Apart from traditional burials and cremations, California has now approved a third alternative to return the deceased back to Earth. On Sunday 18 September 2022, governor Gavin Newsom signed Assembly Bill 351 into law which will allow residents to choose human composting—also known as natural organic reduction (NOR)—after death, starting in 2027.
Human composting, which is already legalised in Washington, Colorado, Oregon, and Vermont, involves placing the body in an eight feet-long reusable stainless steel vessel filled with biodegradable materials like wood chips, alfalfa, and straw. After 30 to 60 days, the remains will fully decompose into nutrient-rich soil—which can then be returned to loved ones or donated to land conservation.
The bill, drafted by assembly member Cristina Garcia, essentially allows for the organic reduction of human remains and is considered as a more eco-friendly alternative to traditional burial methods.

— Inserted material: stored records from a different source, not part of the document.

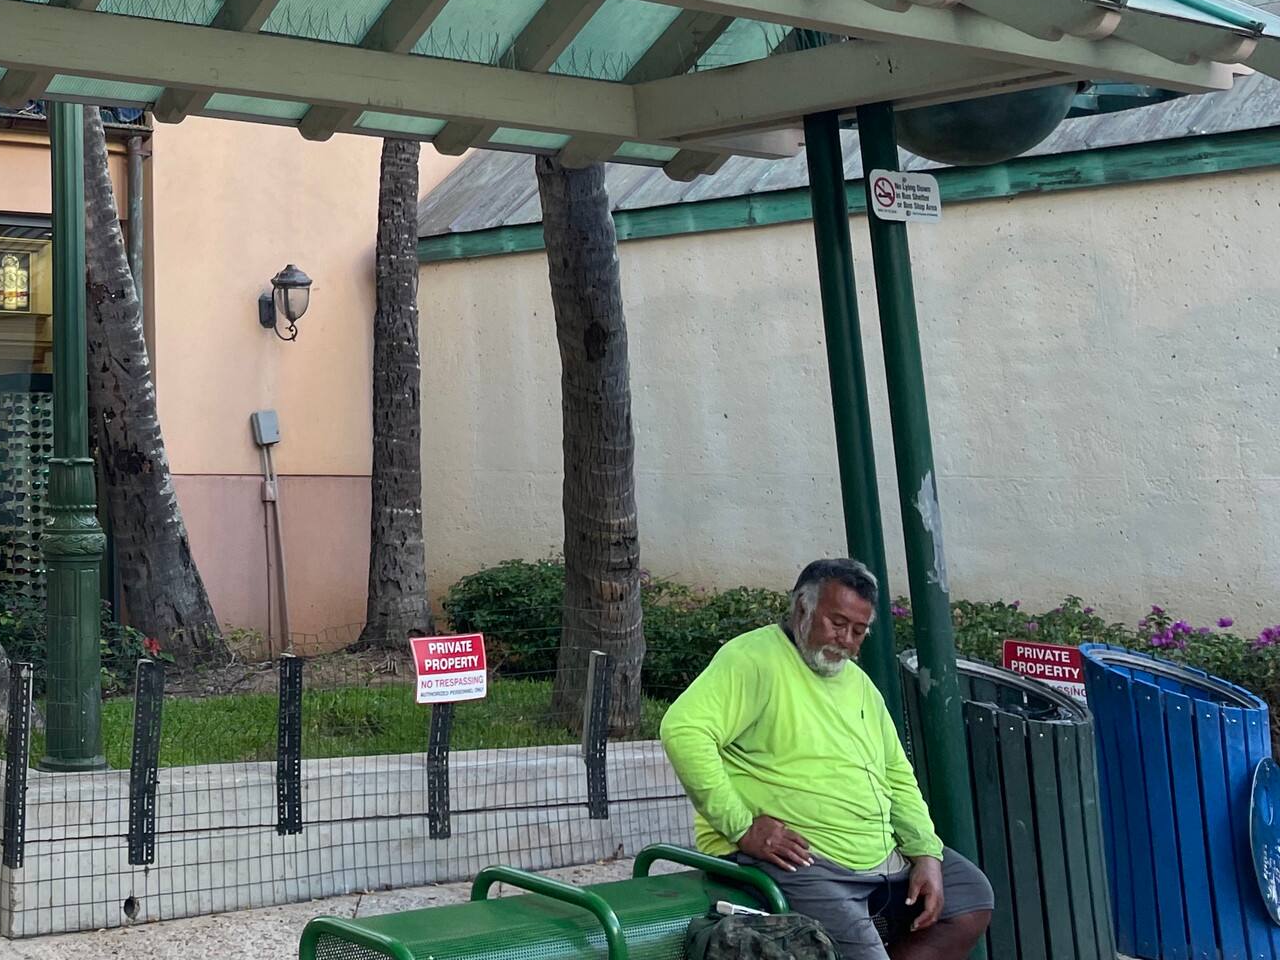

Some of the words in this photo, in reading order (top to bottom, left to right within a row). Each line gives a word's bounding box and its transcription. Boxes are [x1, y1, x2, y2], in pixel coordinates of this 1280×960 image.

[428, 640, 473, 655] PRIVATE
[1016, 645, 1071, 663] PRIVATE
[424, 655, 479, 672] PROPERTY
[1010, 659, 1080, 679] PROPERTY
[420, 679, 433, 689] NO
[435, 675, 483, 687] TRESPASSING

“AB 351 will provide an additional option for California residents that is more environmentally-friendly and gives them another choice for burial,” Garcia said in a press release. “With climate change and sea-level rise as very real threats to our environment, this is an alternative method of final disposition that won’t contribute emissions into our atmosphere.”

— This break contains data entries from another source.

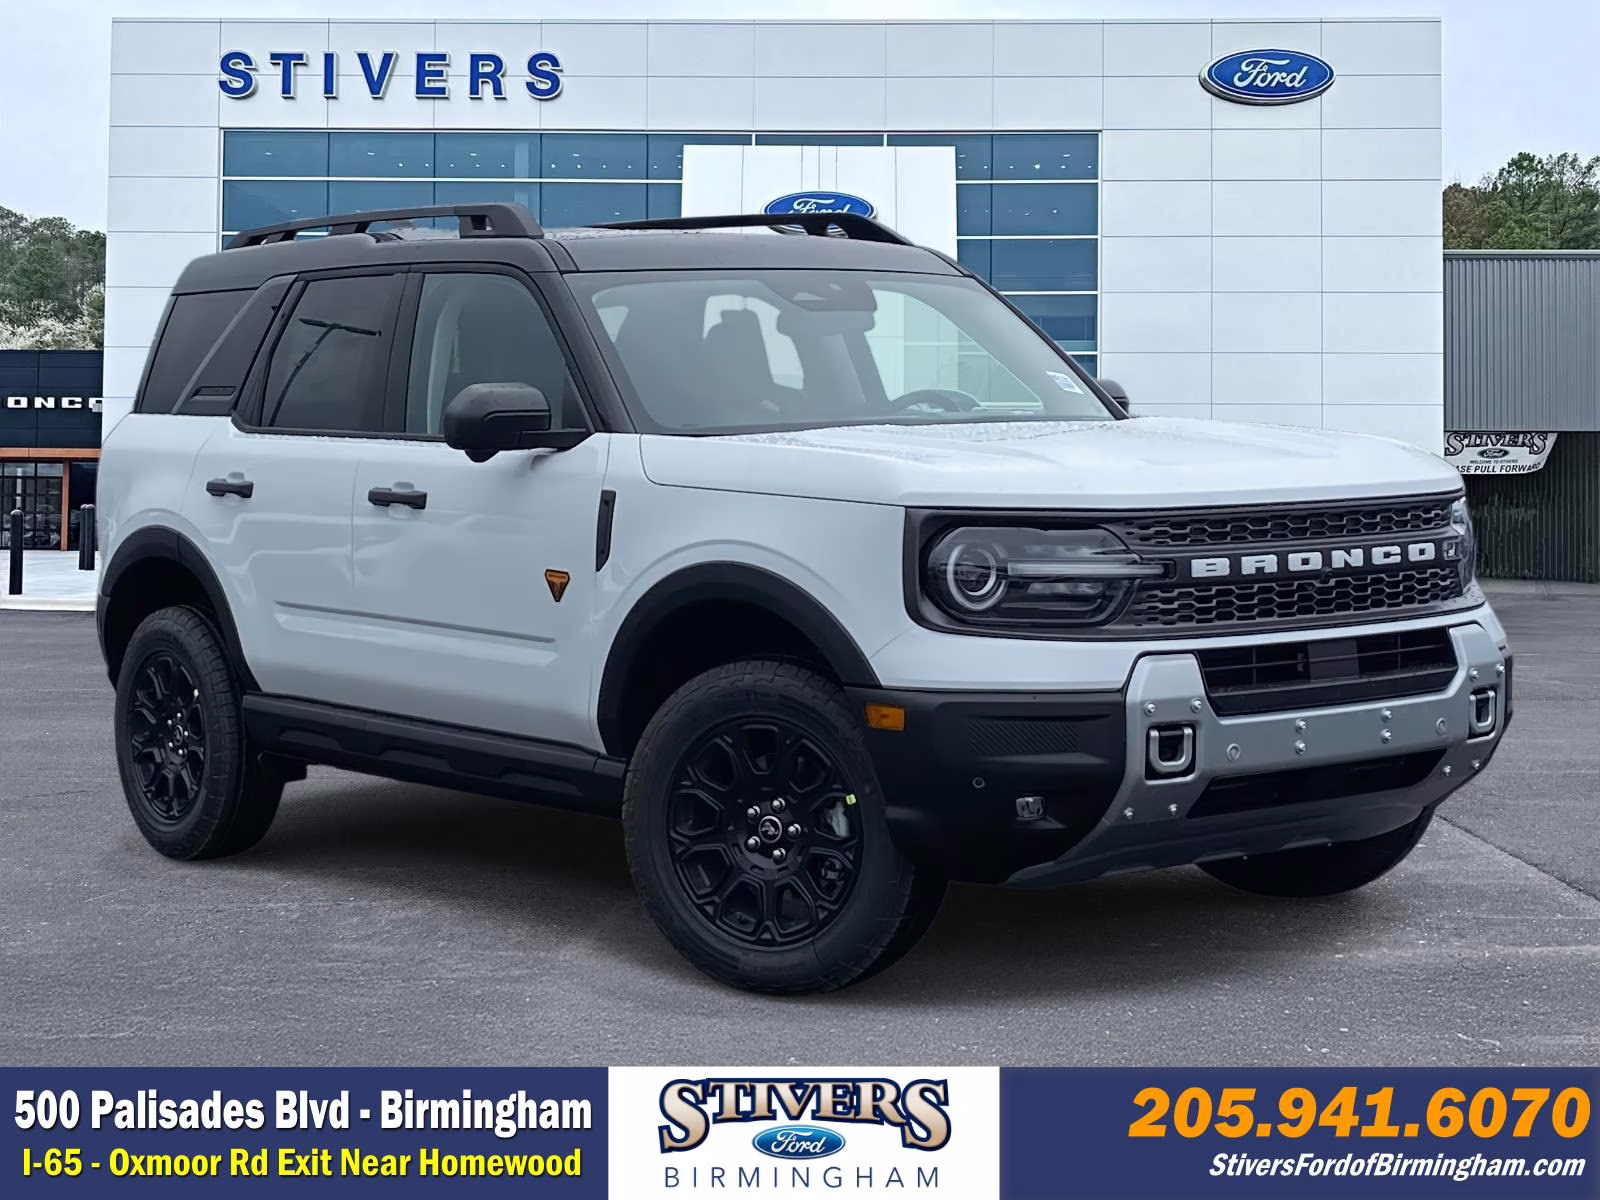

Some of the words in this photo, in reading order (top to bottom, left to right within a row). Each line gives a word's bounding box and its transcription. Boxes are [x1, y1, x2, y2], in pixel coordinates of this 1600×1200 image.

[218, 50, 563, 100] STIVERS
[1233, 58, 1309, 88] Ford
[1445, 432, 1548, 456] STIVERS
[1483, 449, 1504, 457] Ford
[1474, 465, 1497, 473] PULL
[1190, 542, 1436, 578] BRONCO

According to National Geographic, a single cremation process produces an estimated 534.6 pounds of carbon dioxide (CO2). Given this figure, cremations in the US alone emit approximately 360,000 metric tons of CO2 every year. Burials, on the other hand, can leach toxic chemicals into the ground. On these terms, the result of human composting is “a completely safe and economical method of final disposition that offers additional choice for people to direct their final wishes,” the press release stated.

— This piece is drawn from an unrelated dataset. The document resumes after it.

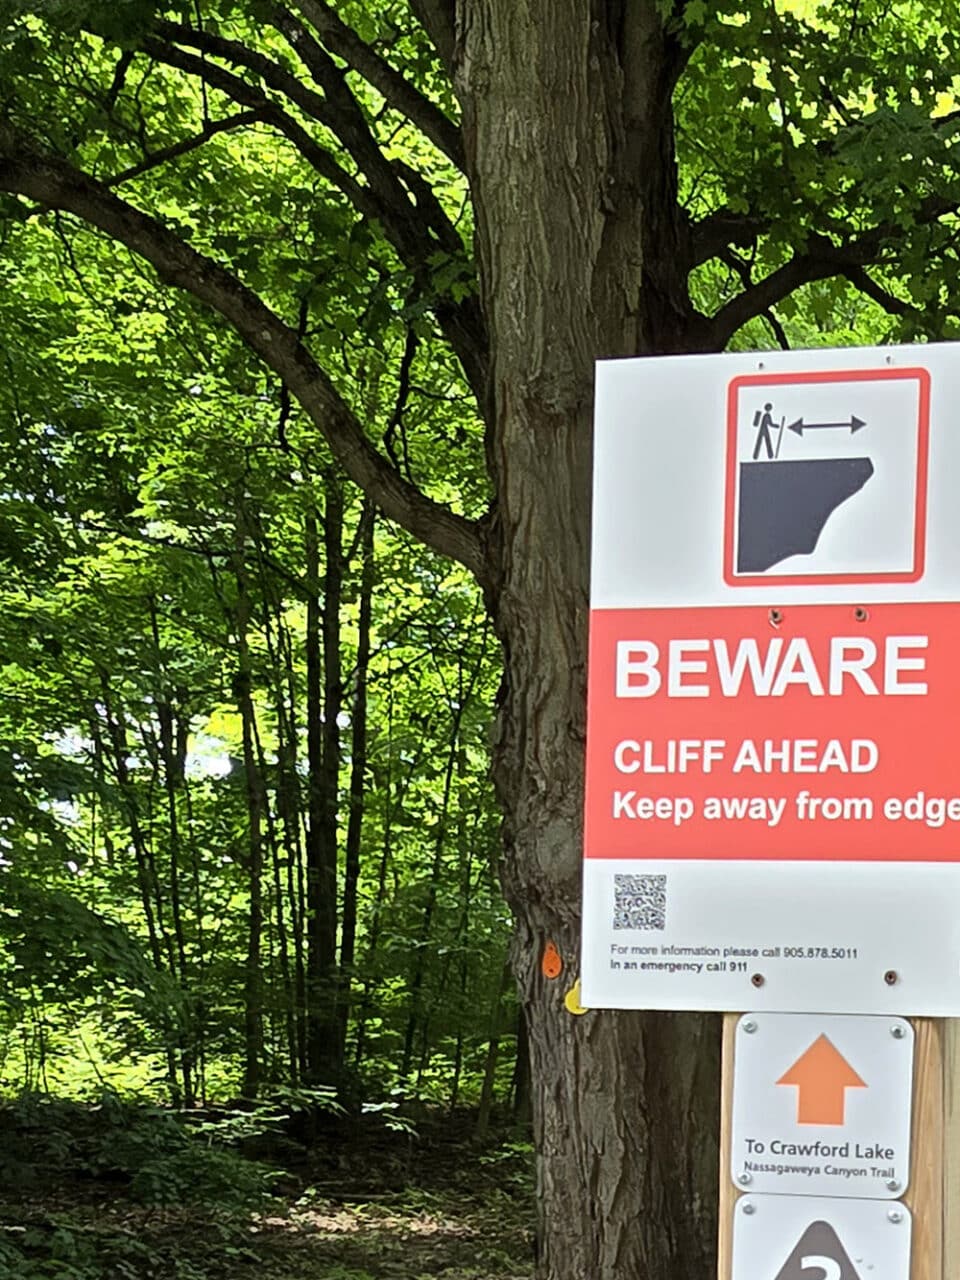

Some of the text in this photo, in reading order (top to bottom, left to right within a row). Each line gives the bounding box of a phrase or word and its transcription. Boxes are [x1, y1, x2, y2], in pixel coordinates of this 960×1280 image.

“For each individual who chooses NOR over conventional burial or cremation, the process saves the equivalent of one metric ton of carbon from entering the environment,” it continued.
Despite being the fifth US state to approve human composting, the process continues to raise ethical questions. As noted by SFGATE, Colorado’s version of the law states that the resultant soil of multiple people cannot be combined without consent, be sold or be used to grow food for human consumption. While the California bill bans the combining of multiple peoples’ remains, unless they are family, it does not explicitly restrict the sale of the soil or indeed its use to grow food.
The California Catholic Church hence believes that human composting “reduces the human body to simply a disposable commodity.”
“NOR uses essentially the same process as a home gardening composting system,” executive director Kathleen Domingo told SFGATE, adding that the process was developed for livestock, not humans. “These methods of disposal were used to lessen the possibility of disease being transmitted by the dead carcass. Using these same methods for the ‘transformation’ of human remains can create an unfortunate spiritual, emotional and psychological distancing from the deceased.”
The church also emphasised that human composting, which may lead to the soil being dispersed in public locations, “risks people treading over human remains without their knowledge while repeated dispersions in the same area are tantamount to a mass grave.”
Meanwhile, Garcia admitted that she herself may choose this method when she passes away. “I look forward to continuing my legacy to fight for clean air by using my reduced remains to plant a tree,” the assembly member stated.